THE SPORTY SWIMSUIT
There are perhaps two major sects of sporty swimsuit wearers. One, the femme fatale—the only real match to James Bond in any of his movies—and second, the Kate Bosworths and Jessica Albas of surf movies—borderline brawny and with a UVA/UVB-nonfearing joie de vivre.
Halle Berry in Die Another Day (2002) obviously fits the first category. Her bright tangerine bikini isn't complete without the multi-purpose knife strapped to her waist, an homage to another Bond girl with the same swim ensemble some four decades prior. Ursula Andress wore the all-white version in the first James Bond film, Dr. No (1962), alongside Sean Connery. (TRIVIA: The iconic bikini sold for close to $60,000 at an auction in 2001!) Murderous accoutrements tied to the body seem to be a femme fatale staple. Consider Angelina Jolie in Tomb Raider (2001), maneuvering a jetski in a black two-piece and a dagger strapped to her arm.

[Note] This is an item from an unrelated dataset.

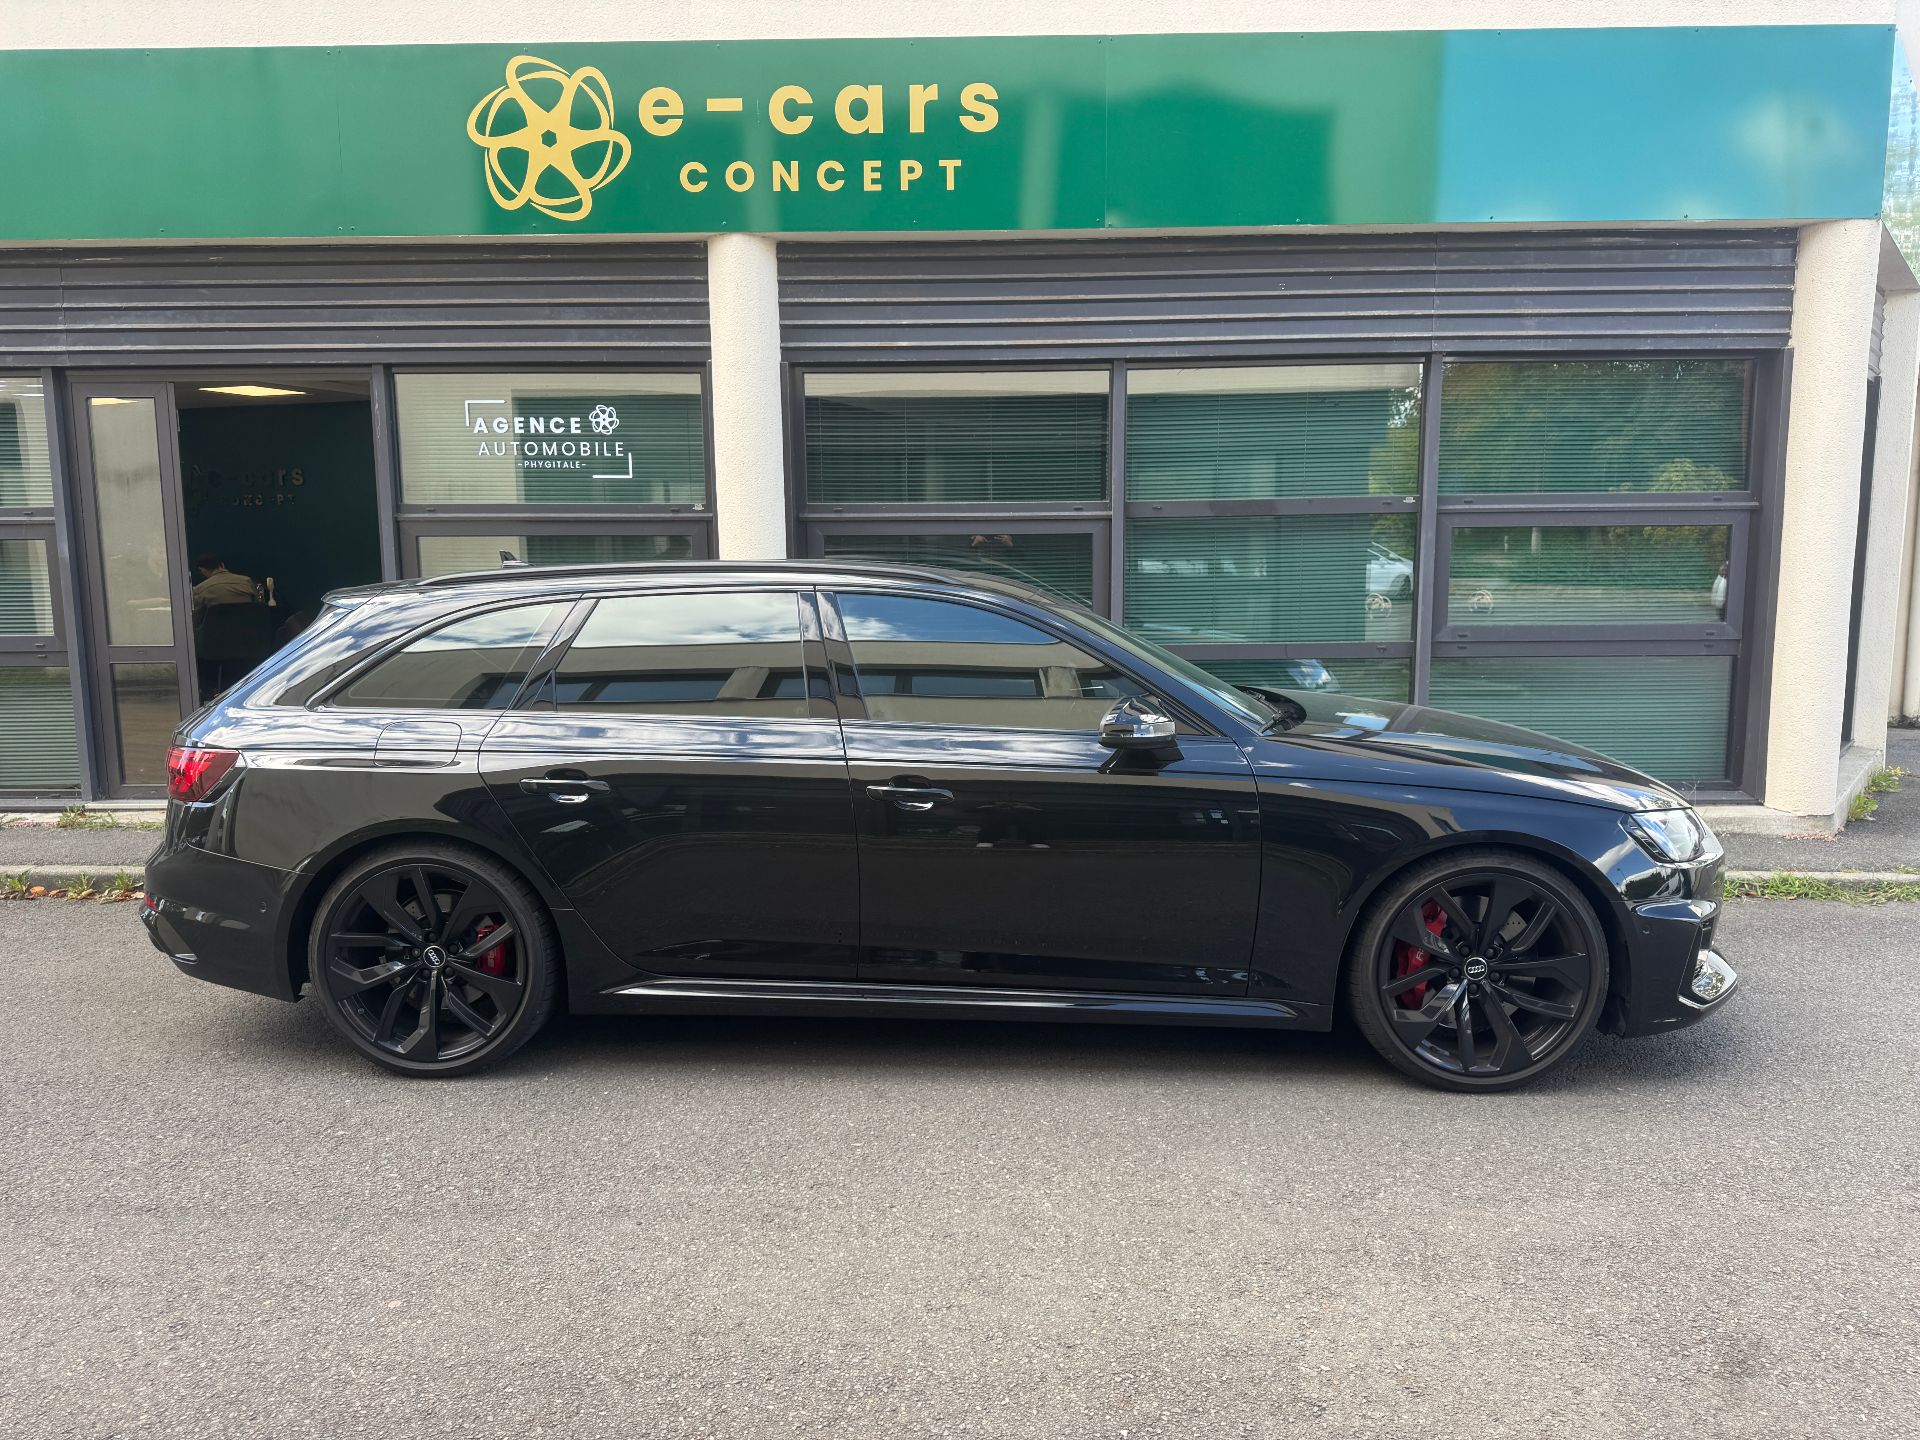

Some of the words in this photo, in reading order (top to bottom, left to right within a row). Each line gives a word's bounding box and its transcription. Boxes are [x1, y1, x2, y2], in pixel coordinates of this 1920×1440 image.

[638, 82, 1000, 136] e-cars
[679, 159, 963, 193] CONCEPT
[473, 417, 583, 434] AGENCE
[478, 441, 625, 457] AUTOMOBILE

And then there are the likes of Kate Bosworth (Blue Crush, 2002) and Jessica Alba (Into the Blue, 2005)—with a golden tan or a navel piercing or both—in a mismatched bikini or a bikini top paired with trunks or mannish board shorts, styled with a puka shell choker. It's a way of wearing the bikini that reflects a lifestyle far too sporty to worry about being matchy. For once we have heroines not with an infallible blowdry, but with locks saline-drenched and bleached by the sun.
Photo credits: www.telegraph.co.uk (Halle Berry); www.averagejoesblog.com (Ursula Andress, Angelina Jolie); www.ew.com (Kate Bosworth); www.news.com.au (Jessica Alba)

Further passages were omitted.